Because the data is expressed in integers, the lower edge of the median class is as follows.

the lower value of the 3rd group

the interval 150 – 154

is 150

Tb = 150- p

because it is an integer then p = 0.5

Tb = 150 – 0.5 = 149.5

Thus, the median is formulated as follows.

Me = Tb+ [ ½ n- fkum] l / 10

Me = 149.5 + [ ½ 36- 14 ]. 5 / 10

= 149.5 + [18 – 14 ,] 5 / 10

= 149.5 + (4).5 / 10

= 149.5 + 20 / 10

= 149.5 + 2

= 151.5

So, the median of these data is 151.5

Darmawati’s Sensible Book of SMA/MA Mathematics Questions for Class X, XI and XII can help Sinaumed’s to practice their math skills through various practice questions in it.
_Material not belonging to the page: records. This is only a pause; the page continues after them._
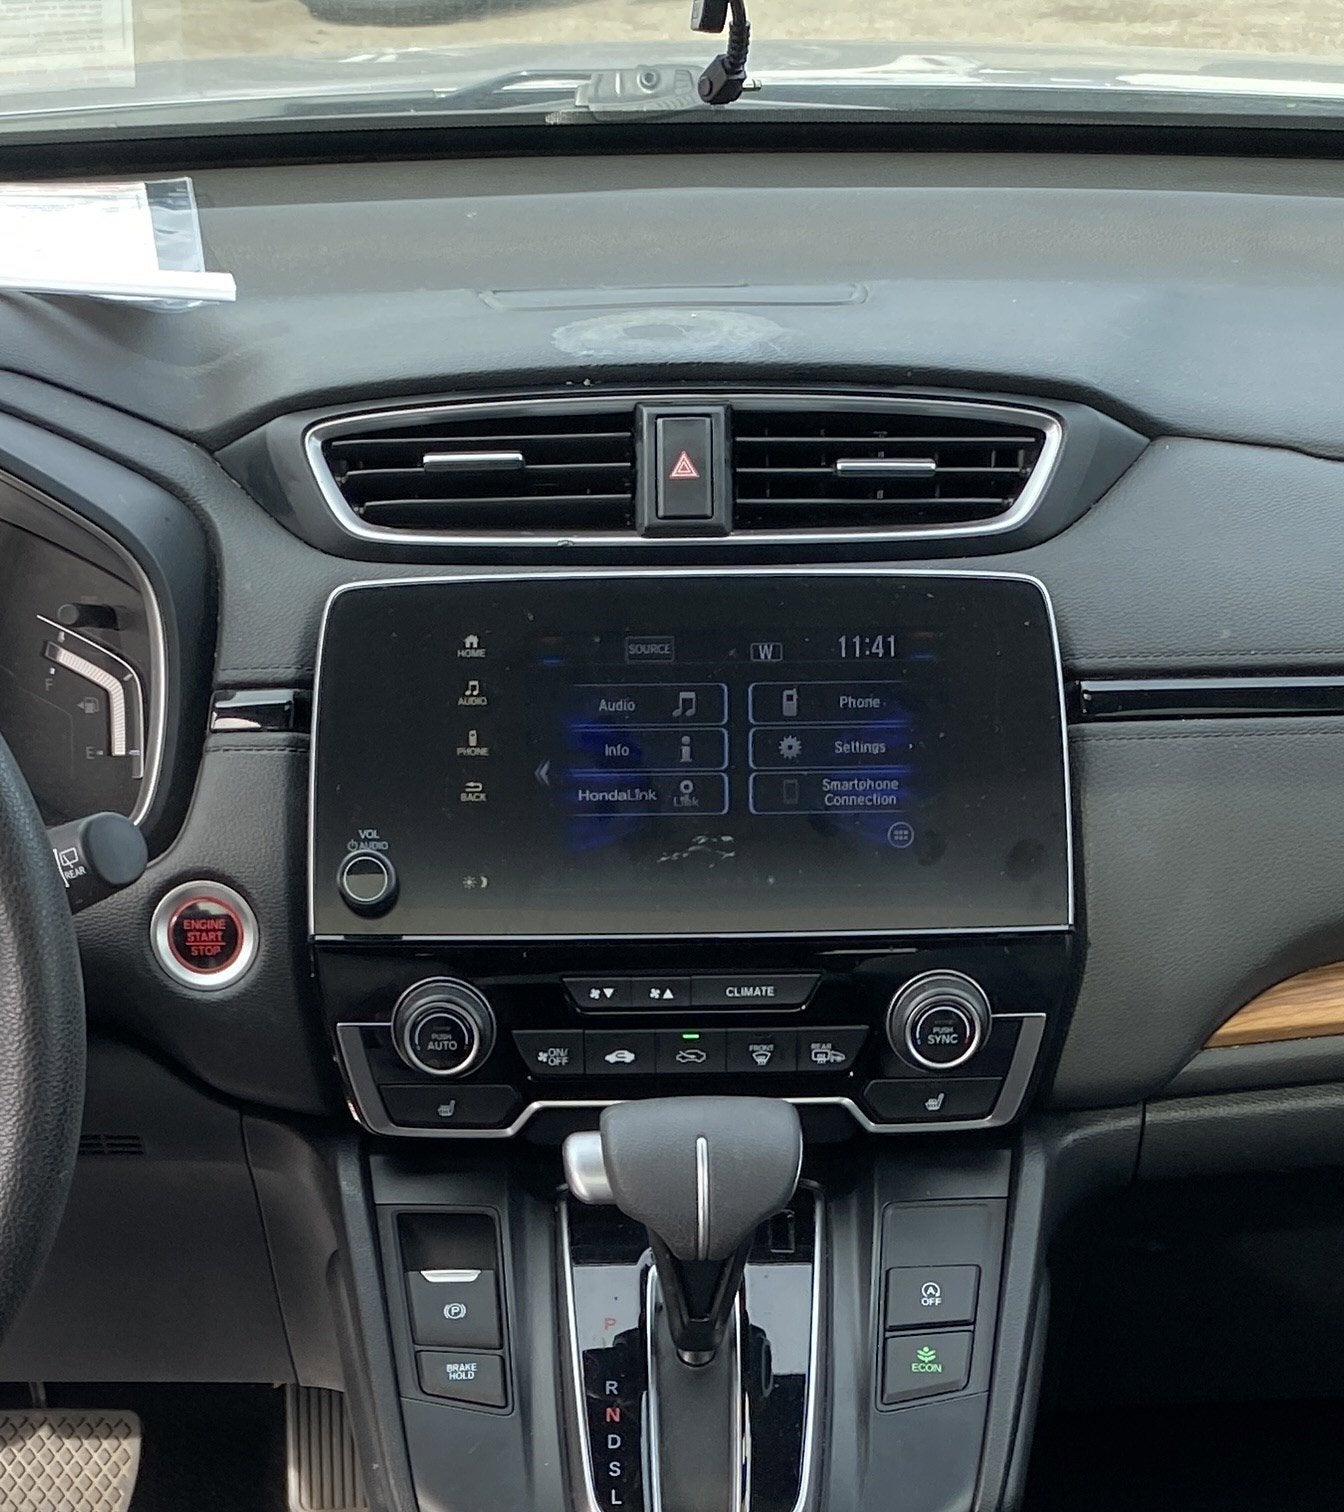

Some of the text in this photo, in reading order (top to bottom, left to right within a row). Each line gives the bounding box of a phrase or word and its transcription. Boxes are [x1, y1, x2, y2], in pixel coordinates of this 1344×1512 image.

[628, 643, 671, 655] SOURCE
[837, 634, 896, 658] 11:41
[457, 649, 486, 658] HOME
[457, 697, 488, 706] AUDIO
[598, 698, 636, 712] Audio
[839, 695, 881, 709] Phone
[456, 748, 489, 757] PHONE
[604, 743, 630, 757] Info
[834, 740, 887, 755] Settings
[821, 777, 900, 792] Smartphone
[459, 793, 487, 802] BACK
[577, 788, 657, 802] HondaLink
[823, 793, 898, 807] Connection
[358, 829, 380, 839] VOL
[63, 864, 87, 881] REAR
[183, 919, 226, 930] ENGINE
[187, 931, 223, 942] START
[191, 946, 222, 956] STOP
[726, 986, 775, 997] CLIMATE
[927, 1034, 959, 1044] SYNC
[427, 1041, 458, 1051] AUTO
[548, 1048, 568, 1057] ON/
[548, 1057, 568, 1066] OFF
[920, 1297, 942, 1307] OFF
[446, 1362, 477, 1373] BRAKE
[911, 1362, 942, 1373] ECON
[448, 1370, 475, 1380] HOLD
[605, 1380, 619, 1395] R
[605, 1408, 620, 1422] N
[607, 1434, 621, 1449] D
[609, 1461, 621, 1477] S
[611, 1489, 622, 1505] L
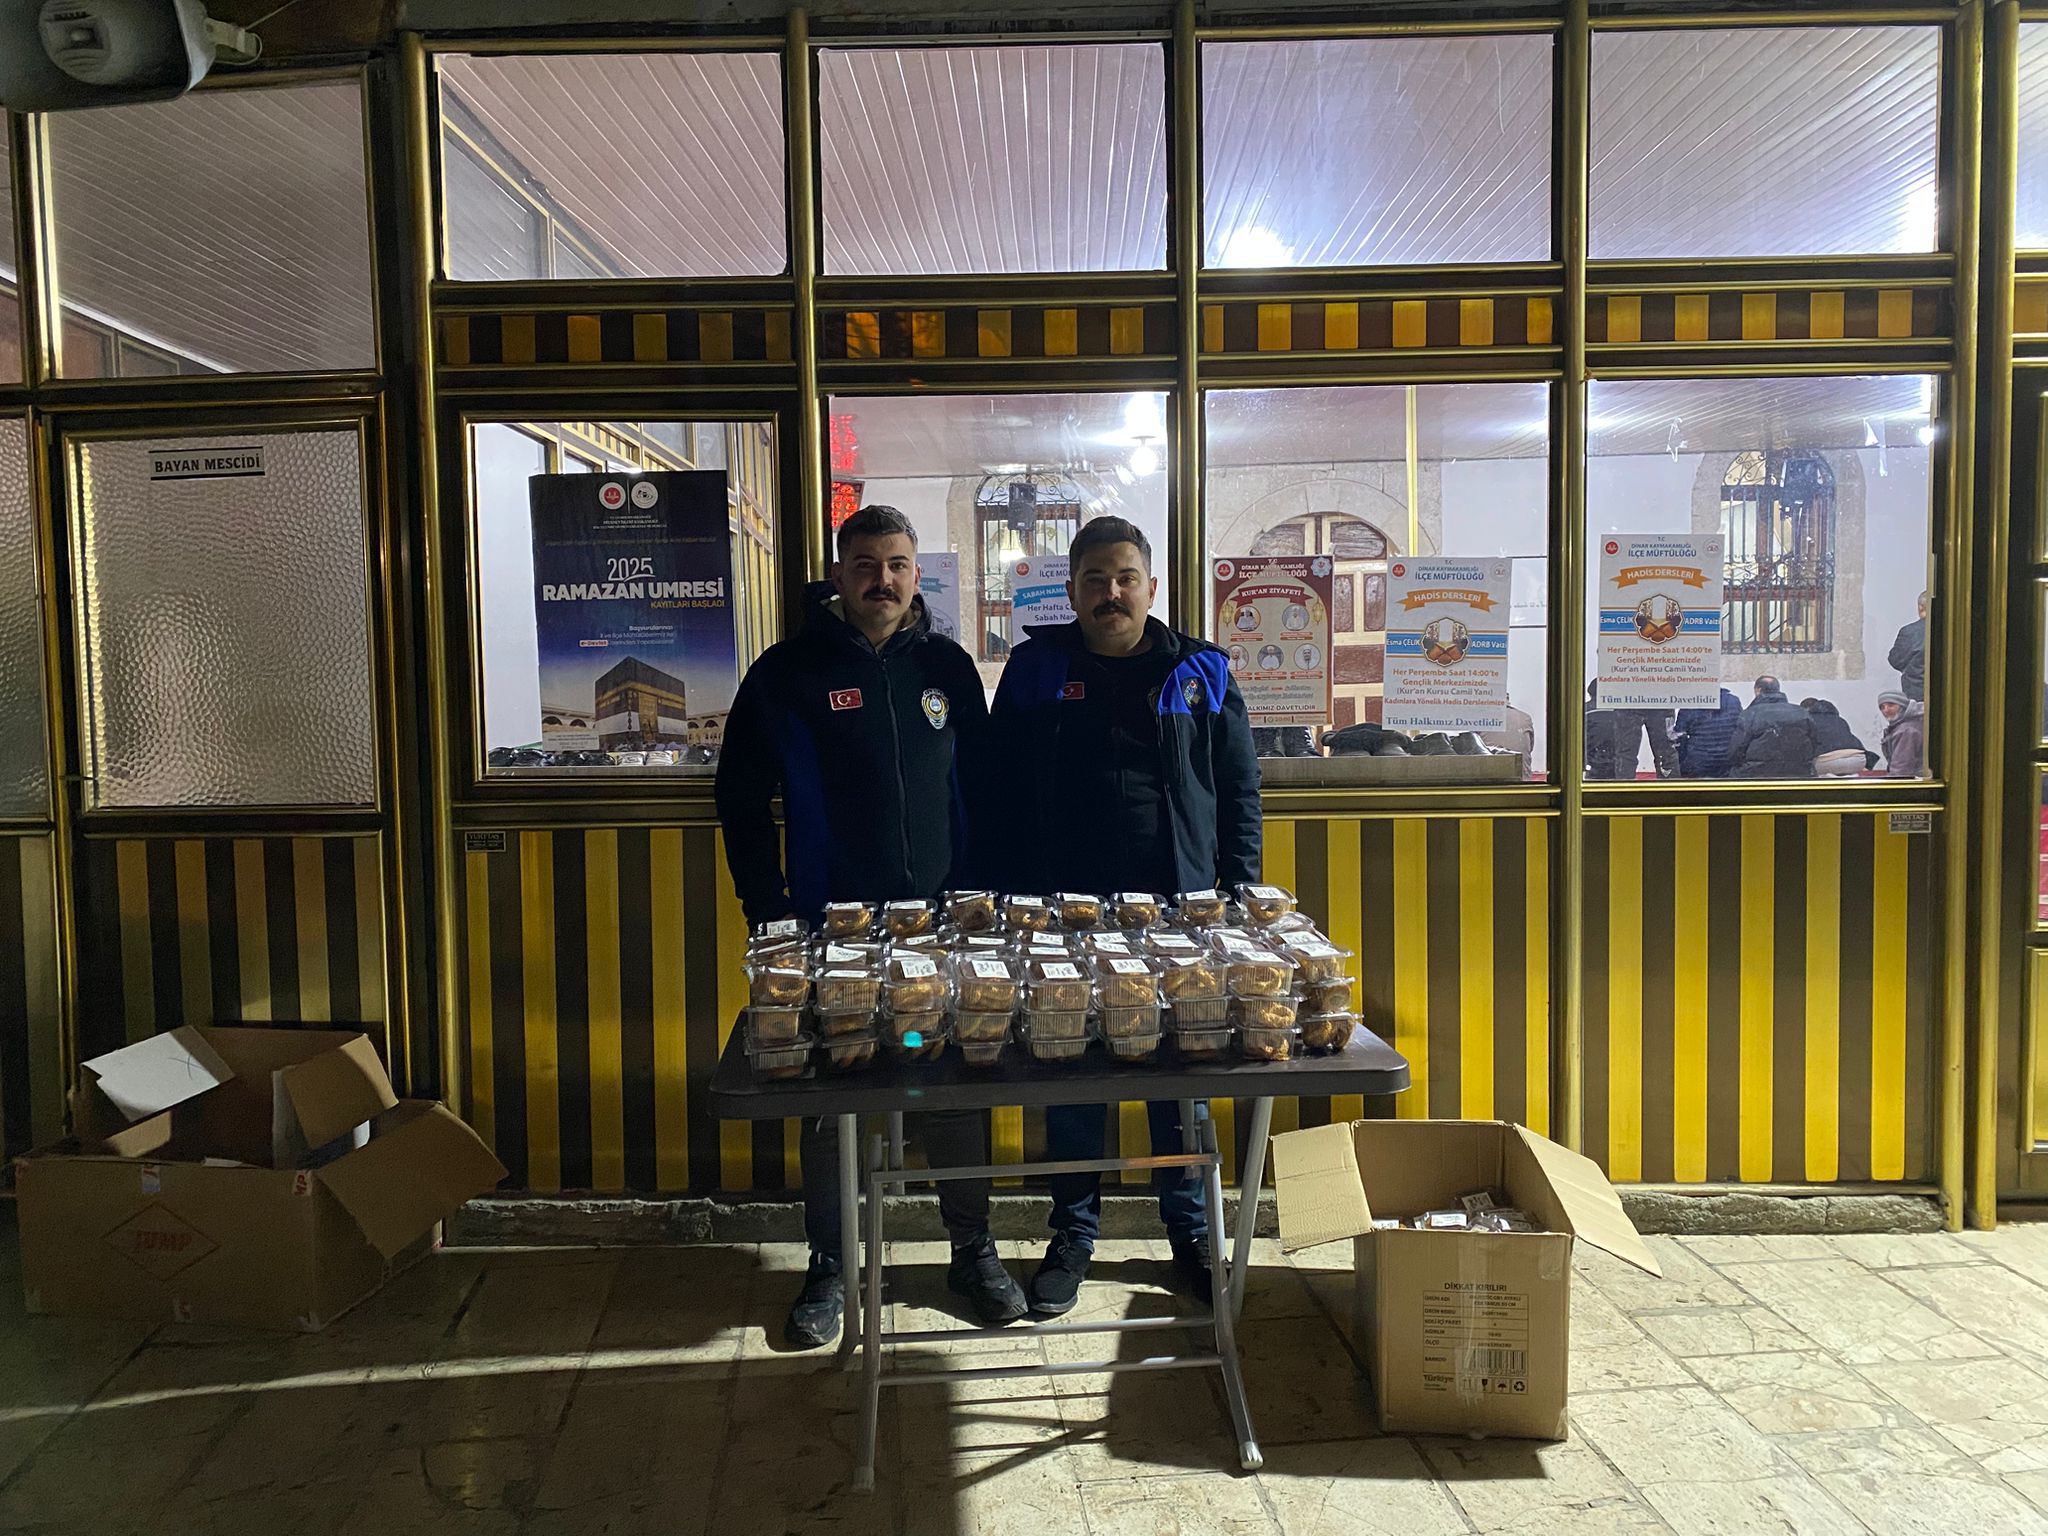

So, what about the median questions given along with the discussion, have you got enlightenment?

The advantage of the median is that it is easy to calculate if the amount of data is relatively small. So if the amount of data is small, it’s really easy.

But the title is different if the data provided is a lot. Of course it takes extra effort that makes us sweat from all directions.

While the drawback of the median is that the median value is relatively unstable even for data in the same population. However, the median is a part of basic statistics that must be understood.

The function of the median is to measure the concentration of land. In statistics and probability theory, the median is the value that separates the higher half from the lower half of a data sample, population, or probability distribution.

The advantages of the median are firstly that it is not used for extreme data, secondly it can be used for both quantitative and qualitative data and thirdly it is very suitable for heterogeneous data.

Meanwhile, the weaknesses are the first that it does not consider all data values, the second is that it cannot describe the average population, and the third is sensitive to the amount of data.

That’s a brief explanation of the median that you can find out. Hopefully it will be a little enlightenment for those of you who are studying statistics. Hope it is useful.